Expuesto todo lo anterior, ahora me dispongo a criticar el modo en que la mayoría de las personas ven el mundo, en los dos sentidos ya señalados, y posteriormente, retomaré la propuesta de Lovelock. En primer lugar, resulta absurdo que, apoyándose de sus creencias arraigadamente religiosas, muchas personas piensen que cuentan con la autorización y el derecho divino para hacer con el planeta lo que se les dé la gana, siendo que el papa Francisco, en su encíclica Laudato si, ha reconocido que esta manera de entender la doctrina cristiana ha sido equivocada, y que es momento de rectificarla y de “cuidar de nuestra casa común” atendiendo las indicaciones de la ecología y la ética ambiental. En segundo lugar, opino que la ciencia moderna, en su afán de entender el mundo, lo ha fragmentado y esto se ha extendido al ámbito educativo, prueba de ello son los libros de educación básica en los que el conocimiento se divide por áreas (matemáticas, español, ciencias sociales, ciencias naturales, etc.), aumentando la brecha entre saberes. Así vamos aprendiendo en cada una de las etapas de la educación institucional, y en la formación profesional, el conocimiento y las posibles formas de ver el mundo se reducen aún más de acuerdo con el área profesional que se elija. Por ello es y ha sido difícil generar los avances necesarios para valorar y cuidar nuestra Tierra de manera integral, pues desde la educación básica, los saberes están encasillados, fragmentados, sin conexión entre ellos.

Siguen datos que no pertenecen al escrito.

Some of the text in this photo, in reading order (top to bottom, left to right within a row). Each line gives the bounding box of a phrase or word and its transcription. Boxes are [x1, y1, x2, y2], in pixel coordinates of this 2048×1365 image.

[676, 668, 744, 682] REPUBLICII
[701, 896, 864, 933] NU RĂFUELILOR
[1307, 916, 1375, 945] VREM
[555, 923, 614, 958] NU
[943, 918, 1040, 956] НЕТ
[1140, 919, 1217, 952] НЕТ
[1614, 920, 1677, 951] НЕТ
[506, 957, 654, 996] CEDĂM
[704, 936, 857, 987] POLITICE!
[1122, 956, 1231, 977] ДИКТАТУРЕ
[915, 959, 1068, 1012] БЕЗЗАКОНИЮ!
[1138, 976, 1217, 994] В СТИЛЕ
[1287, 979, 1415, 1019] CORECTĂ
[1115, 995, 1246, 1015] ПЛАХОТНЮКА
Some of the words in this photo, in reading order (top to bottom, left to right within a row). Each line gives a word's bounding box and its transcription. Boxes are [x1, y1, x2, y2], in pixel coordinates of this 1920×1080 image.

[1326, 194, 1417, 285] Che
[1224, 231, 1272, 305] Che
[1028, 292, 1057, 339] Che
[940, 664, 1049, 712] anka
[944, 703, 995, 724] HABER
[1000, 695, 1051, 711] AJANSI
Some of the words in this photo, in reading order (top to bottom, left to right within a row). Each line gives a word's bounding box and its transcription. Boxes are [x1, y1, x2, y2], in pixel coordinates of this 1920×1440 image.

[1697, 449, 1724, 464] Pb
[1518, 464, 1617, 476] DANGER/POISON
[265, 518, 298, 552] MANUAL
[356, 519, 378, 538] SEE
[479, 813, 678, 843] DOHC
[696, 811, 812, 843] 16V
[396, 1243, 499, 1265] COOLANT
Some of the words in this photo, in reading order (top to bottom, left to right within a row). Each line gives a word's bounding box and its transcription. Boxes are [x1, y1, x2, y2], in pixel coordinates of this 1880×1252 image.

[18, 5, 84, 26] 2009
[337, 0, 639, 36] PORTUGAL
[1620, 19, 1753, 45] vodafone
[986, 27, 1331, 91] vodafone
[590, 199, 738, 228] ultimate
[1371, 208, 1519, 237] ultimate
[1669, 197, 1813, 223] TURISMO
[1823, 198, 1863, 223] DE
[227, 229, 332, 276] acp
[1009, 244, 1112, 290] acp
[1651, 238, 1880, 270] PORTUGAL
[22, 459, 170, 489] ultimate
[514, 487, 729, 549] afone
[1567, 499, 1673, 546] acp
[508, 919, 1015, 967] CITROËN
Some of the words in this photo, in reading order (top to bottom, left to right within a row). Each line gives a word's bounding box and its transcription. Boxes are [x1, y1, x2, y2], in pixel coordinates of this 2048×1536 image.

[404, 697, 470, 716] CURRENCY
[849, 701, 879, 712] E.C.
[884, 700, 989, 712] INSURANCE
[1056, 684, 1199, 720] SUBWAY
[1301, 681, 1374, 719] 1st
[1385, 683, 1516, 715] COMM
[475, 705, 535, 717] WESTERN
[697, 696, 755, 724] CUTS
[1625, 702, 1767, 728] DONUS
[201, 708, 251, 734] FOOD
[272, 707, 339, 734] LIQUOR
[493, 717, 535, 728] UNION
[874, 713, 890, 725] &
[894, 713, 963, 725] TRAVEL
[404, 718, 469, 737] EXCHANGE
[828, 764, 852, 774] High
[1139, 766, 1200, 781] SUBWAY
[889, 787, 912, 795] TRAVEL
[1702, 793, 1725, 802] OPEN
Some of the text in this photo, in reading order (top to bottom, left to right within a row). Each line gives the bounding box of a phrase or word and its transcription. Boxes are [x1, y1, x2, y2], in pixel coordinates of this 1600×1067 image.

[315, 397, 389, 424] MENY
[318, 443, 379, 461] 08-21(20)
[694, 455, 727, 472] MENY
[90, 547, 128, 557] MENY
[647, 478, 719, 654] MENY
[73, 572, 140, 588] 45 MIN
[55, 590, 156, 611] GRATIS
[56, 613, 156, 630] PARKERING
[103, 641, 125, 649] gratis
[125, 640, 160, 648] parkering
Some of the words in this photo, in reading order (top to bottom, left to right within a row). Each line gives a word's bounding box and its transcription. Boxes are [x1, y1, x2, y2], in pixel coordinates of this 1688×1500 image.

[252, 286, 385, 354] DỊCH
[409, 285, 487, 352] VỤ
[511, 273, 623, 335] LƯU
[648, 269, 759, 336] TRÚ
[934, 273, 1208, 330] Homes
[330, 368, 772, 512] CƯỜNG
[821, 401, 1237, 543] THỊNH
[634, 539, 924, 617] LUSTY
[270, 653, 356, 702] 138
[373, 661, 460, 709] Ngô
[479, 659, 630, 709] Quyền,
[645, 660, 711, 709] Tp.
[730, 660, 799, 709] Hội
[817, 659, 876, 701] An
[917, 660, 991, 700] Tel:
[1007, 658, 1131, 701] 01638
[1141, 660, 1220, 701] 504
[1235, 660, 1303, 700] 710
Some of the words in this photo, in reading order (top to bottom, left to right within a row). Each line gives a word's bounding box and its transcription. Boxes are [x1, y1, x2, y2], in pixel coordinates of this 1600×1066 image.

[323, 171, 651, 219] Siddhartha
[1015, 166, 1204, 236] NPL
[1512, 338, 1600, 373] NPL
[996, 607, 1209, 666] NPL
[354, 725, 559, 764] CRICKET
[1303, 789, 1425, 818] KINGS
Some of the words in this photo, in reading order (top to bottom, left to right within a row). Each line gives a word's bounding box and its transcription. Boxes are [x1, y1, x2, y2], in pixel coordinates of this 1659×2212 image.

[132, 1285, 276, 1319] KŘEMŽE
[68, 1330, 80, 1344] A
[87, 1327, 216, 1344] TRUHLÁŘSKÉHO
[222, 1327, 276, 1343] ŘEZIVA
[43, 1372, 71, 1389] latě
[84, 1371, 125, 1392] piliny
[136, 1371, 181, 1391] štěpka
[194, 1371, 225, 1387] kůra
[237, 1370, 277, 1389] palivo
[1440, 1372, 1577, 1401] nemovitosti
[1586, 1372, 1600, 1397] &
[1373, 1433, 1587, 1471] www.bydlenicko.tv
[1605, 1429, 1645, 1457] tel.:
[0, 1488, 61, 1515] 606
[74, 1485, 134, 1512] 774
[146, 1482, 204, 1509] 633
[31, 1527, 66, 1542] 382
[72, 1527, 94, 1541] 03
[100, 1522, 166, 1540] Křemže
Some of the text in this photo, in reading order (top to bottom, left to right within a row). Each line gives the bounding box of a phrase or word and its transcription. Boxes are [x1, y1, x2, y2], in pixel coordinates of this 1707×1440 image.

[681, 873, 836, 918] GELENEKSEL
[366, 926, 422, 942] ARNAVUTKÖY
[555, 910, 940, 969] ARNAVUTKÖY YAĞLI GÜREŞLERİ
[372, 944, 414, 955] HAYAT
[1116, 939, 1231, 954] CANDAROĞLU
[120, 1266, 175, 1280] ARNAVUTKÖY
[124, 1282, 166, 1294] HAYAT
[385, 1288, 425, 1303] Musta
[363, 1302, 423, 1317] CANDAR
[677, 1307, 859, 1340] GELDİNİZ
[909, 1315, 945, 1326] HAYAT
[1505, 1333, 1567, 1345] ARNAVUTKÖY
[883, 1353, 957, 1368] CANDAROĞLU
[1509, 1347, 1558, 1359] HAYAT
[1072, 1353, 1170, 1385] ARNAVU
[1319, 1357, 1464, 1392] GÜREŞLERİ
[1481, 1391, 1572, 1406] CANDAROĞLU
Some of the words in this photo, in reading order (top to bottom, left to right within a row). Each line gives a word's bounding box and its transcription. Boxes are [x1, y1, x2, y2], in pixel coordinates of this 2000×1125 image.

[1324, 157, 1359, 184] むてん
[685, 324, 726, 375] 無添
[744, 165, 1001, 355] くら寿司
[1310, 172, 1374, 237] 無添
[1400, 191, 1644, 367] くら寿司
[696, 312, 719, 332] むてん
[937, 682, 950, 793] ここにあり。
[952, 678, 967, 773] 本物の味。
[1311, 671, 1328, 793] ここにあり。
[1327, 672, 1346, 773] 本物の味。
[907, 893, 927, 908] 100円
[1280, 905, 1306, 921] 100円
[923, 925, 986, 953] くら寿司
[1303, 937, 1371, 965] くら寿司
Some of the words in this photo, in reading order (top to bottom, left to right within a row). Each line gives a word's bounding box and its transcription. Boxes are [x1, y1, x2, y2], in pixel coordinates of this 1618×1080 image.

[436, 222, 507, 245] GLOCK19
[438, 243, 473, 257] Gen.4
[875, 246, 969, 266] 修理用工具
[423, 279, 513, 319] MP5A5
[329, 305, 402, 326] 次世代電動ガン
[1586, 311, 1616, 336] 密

Esa visión holista es la que nos hace falta implementar, pensar como Lovelock y dejar de ver el mundo natural y todos sus componentes como meros objetos que están en un almacén para ser usados exclusivamente por lo seres humanos; no valorar instrumentalmente a la naturaleza y apreciarla como a nuestra propia madre, un ser querido que reconocemos que nos dio la vida, que nos cuida, que nos da lo necesario para alimentarnos, vestirnos, formarnos, etc. Eso es exactamente lo que hace la Madre Tierra. Ahora es ella quien nos necesita, tiene fiebre y está siendo provocada por nosotros. Es momento de dejar el desinterés, el desprecio y la altanería, y ser conscientes de que la Tierra es un ser vivo que requiere hoy más que nunca de nuestra atención y cuidado de forma integral, si es que queremos tener un futuro para nosotros, para nuestros descendientes y para el resto de los seres vivos que habitan este mundo.